Hitting Zombies in the Break Point

20.06.2017 |

Episode #6 of the course Responsive design: An undead introduction by John Rhea


Now that we have a handle on how to beat zombies in the face with a flexible layout, we’ll need scalpel-like precision in optimizing for different screens, aspect ratios, and zombie contagion. That’s where the media query rides in on a refurbished World War II tank that survived Hitler, Mussolini, and the apocalypse to save your website experience and explode the ever-living daylights out of the zombie horde.

Media queries allow us to select what CSS is utilized based on context and conditions. The most utilized media query for responsive design is based on screen size.

One more thing before we get into the shotgun-wielding media query: the best way to sling media queries is to start with a baseline and then make modifications to it within the media queries. Though there aren’t too many browsers that can’t handle media queries anymore, having a baseline gives those browsers something to fight zombies with.

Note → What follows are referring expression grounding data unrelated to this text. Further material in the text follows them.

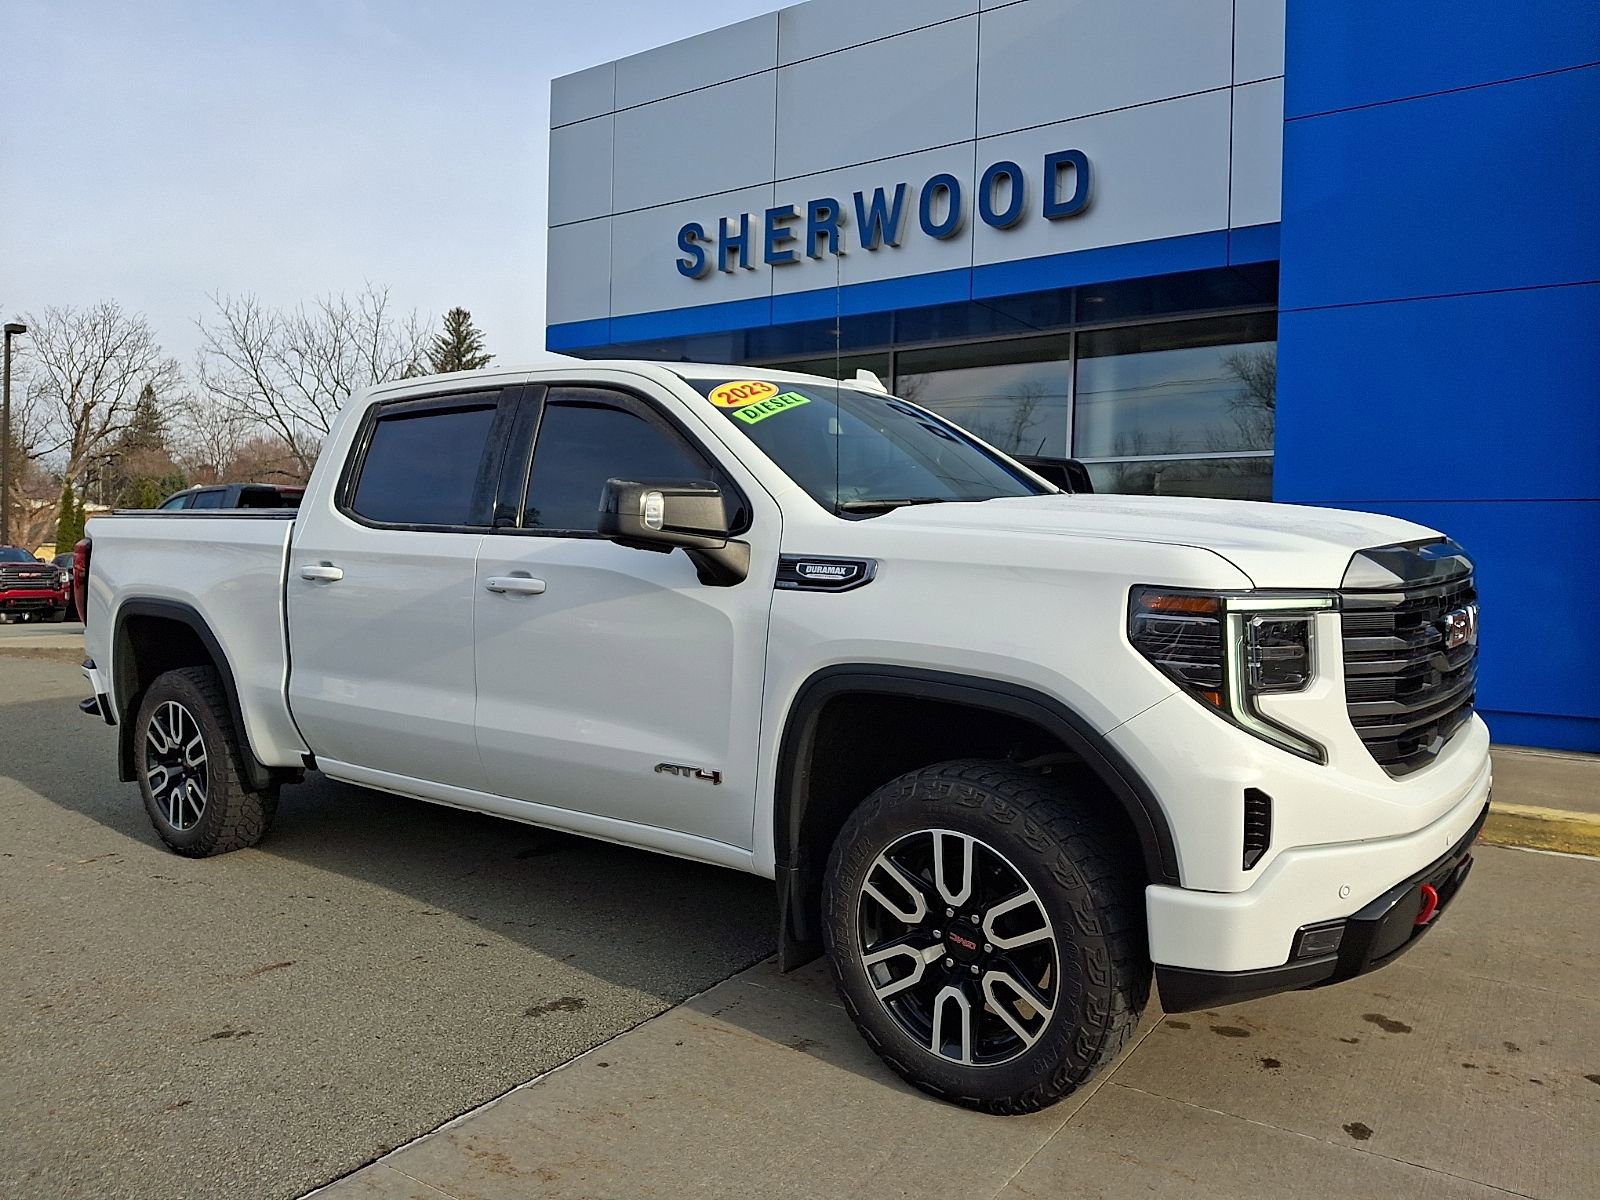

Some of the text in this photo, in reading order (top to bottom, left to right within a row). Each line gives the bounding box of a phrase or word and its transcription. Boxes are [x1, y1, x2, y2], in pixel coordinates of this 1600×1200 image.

[676, 148, 1093, 279] SHERWOOD
[718, 381, 771, 405] 2023
[741, 394, 803, 419] DIESEL
[805, 565, 847, 575] DURAMAX
[654, 762, 722, 786] AT4

Plus, if your elderly mother has a browser from 1997 and you don’t have a baseline, she won’t be able to gush to the neighbors about your zombie-killing website prowess.

A media query looks like:

@media screen and (max-width: 900px) { }

For this media query, any CSS within the curly brackets will apply when the HTML page is displayed on a screen and the browser is thinner than 900px. And that 900px is called the break point, mostly because it’s where the design or layout breaks or changes but also because you’re cracking zombie skulls.

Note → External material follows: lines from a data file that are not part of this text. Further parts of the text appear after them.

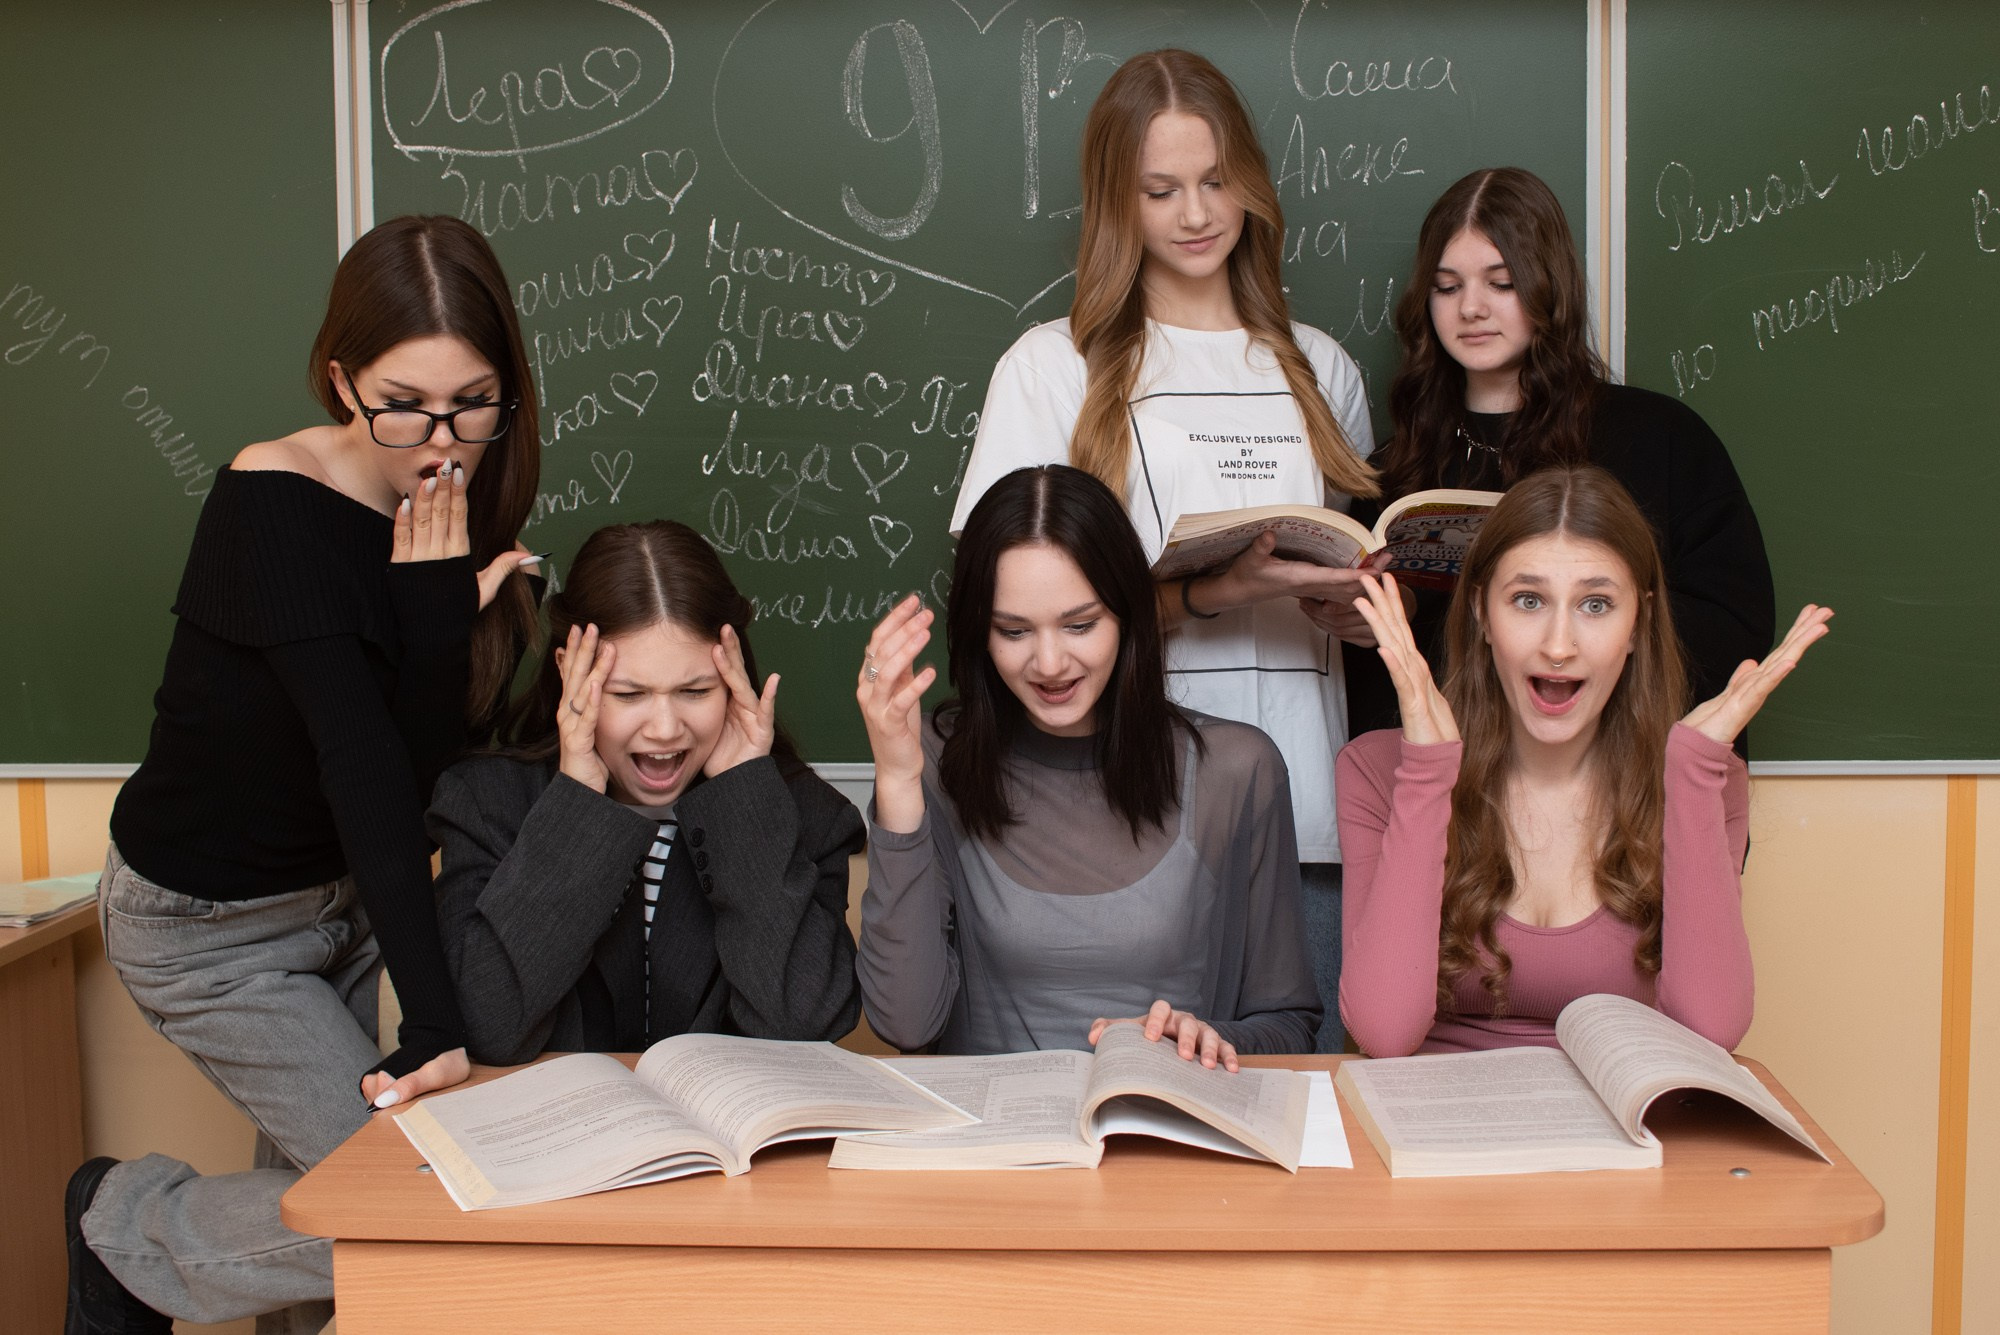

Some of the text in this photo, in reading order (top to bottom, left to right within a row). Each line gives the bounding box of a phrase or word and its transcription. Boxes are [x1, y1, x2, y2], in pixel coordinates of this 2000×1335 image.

[1290, 0, 1457, 101] Саша
[411, 31, 602, 174] Лера
[841, 19, 943, 241] 9
[706, 216, 853, 293] Настя
[533, 308, 649, 408] рина
[708, 274, 824, 362] Ира
[692, 338, 864, 411] Диана
[702, 409, 843, 534] Лиза
[1189, 433, 1302, 444] EXCLUSIVELY DESIGNED
[1218, 460, 1278, 469] LAND ROVER
[1241, 448, 1254, 457] BY

While the initial zombie-killing media query example only showed max-width, you can also use min-width or min/max height and many other screen characteristics.

If you’re going to use a baseline, you have two basic choices: design for desktop/largest screen first or mobile/smallest screen first.

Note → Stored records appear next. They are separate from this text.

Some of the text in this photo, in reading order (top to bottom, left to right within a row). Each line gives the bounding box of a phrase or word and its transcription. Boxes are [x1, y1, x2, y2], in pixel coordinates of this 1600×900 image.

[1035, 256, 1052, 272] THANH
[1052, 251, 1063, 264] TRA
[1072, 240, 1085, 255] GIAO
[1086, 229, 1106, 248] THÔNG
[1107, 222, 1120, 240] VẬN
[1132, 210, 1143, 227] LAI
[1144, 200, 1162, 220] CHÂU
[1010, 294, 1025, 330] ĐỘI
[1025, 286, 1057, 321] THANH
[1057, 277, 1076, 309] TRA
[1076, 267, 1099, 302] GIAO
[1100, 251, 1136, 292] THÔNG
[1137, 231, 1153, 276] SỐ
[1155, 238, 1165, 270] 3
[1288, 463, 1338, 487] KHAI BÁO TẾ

The benefit of desktop first is that it lets you put all the bells and whistles you had for the desktop in first and get them lined up just right. Then you can drop those bells and whistles like a love affair after a zombie infection.

This process tends to be easier on the designer/developer but isn’t always best for the user, as a mobile browser may download all those bells and whistles without actually showing them to the user.

Mobile first is a stiletto-heeled zombie killer who emphasizes speed and user experience over a developer’s preference and ease.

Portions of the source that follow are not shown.